Write out the lines below once more, exactly as they appear. Do not include pictures.

::::::::::

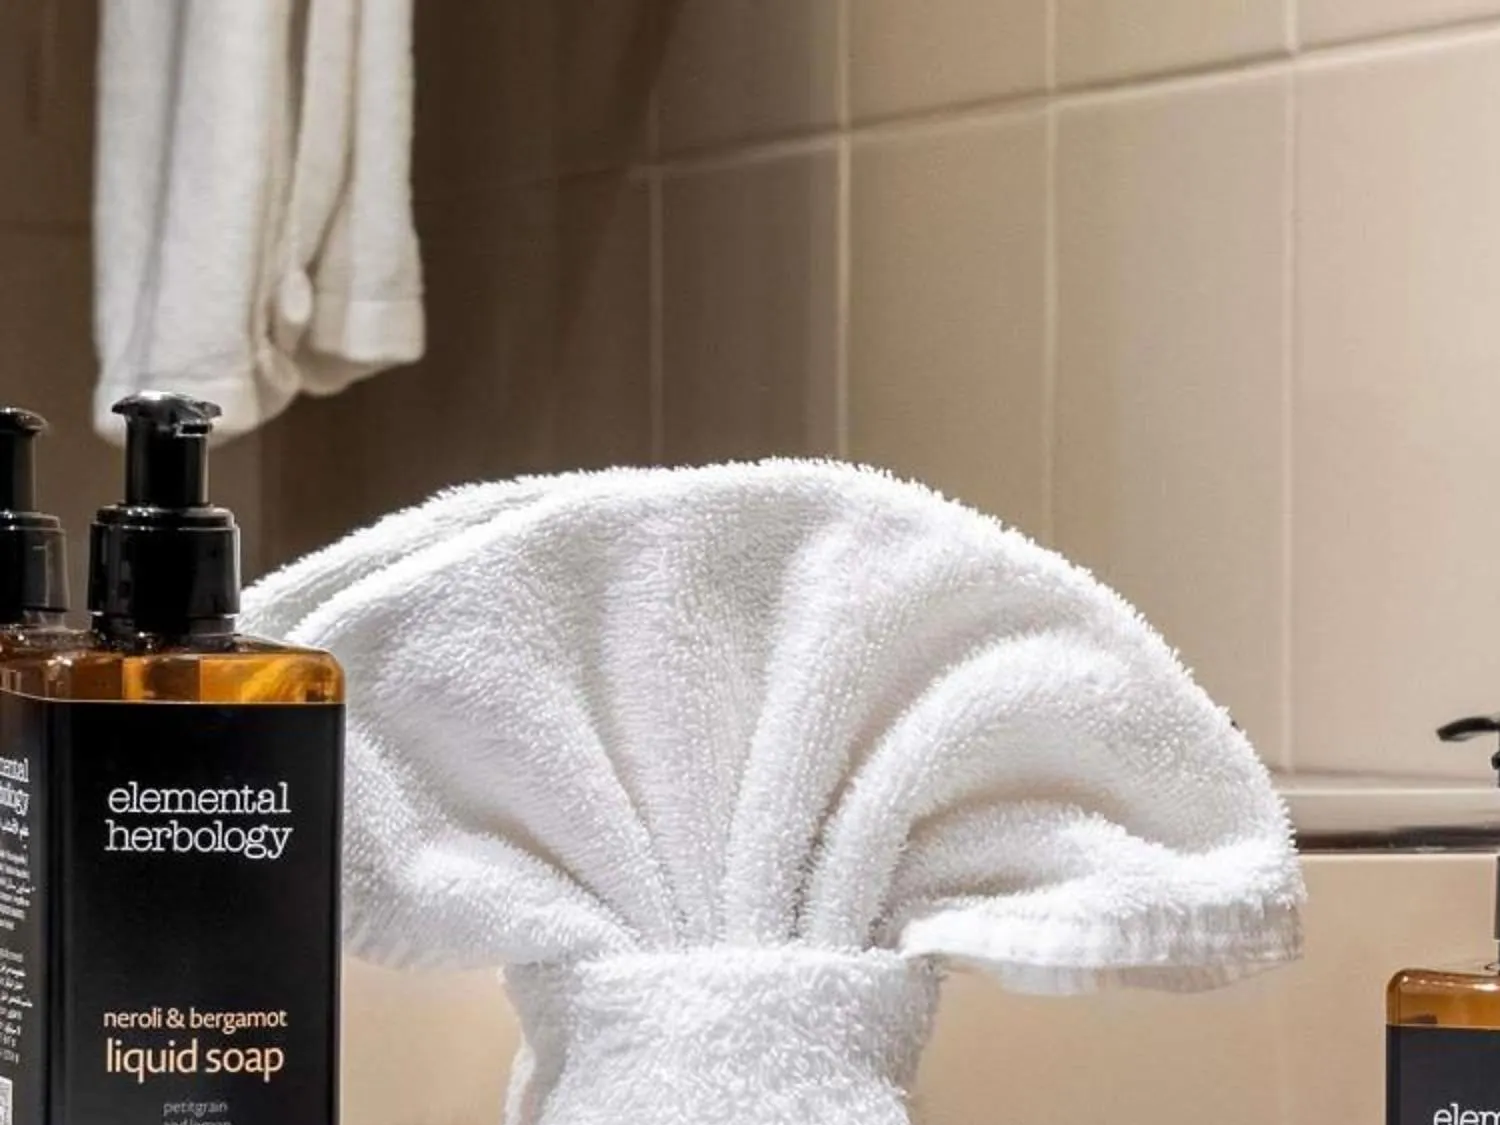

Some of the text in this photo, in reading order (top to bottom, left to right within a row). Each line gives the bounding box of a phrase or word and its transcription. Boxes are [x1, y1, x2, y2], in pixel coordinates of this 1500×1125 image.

[107, 781, 292, 813] elemental
[104, 819, 294, 859] herbology
[103, 1007, 288, 1035] neroli & bergamot
[107, 1037, 285, 1084] liquid soap
[163, 1100, 228, 1118] petitgrain

::::::::::

--- TASK OUTPUT ---
Some of the text in this photo, in reading order (top to bottom, left to right within a row). Each line gives the bounding box of a phrase or word and its transcription. Boxes are [x1, y1, x2, y2], in pixel coordinates of this 1500×1125 image.

[107, 781, 292, 813] elemental
[104, 819, 294, 859] herbology
[103, 1007, 288, 1035] neroli & bergamot
[107, 1037, 285, 1084] liquid soap
[163, 1100, 228, 1118] petitgrain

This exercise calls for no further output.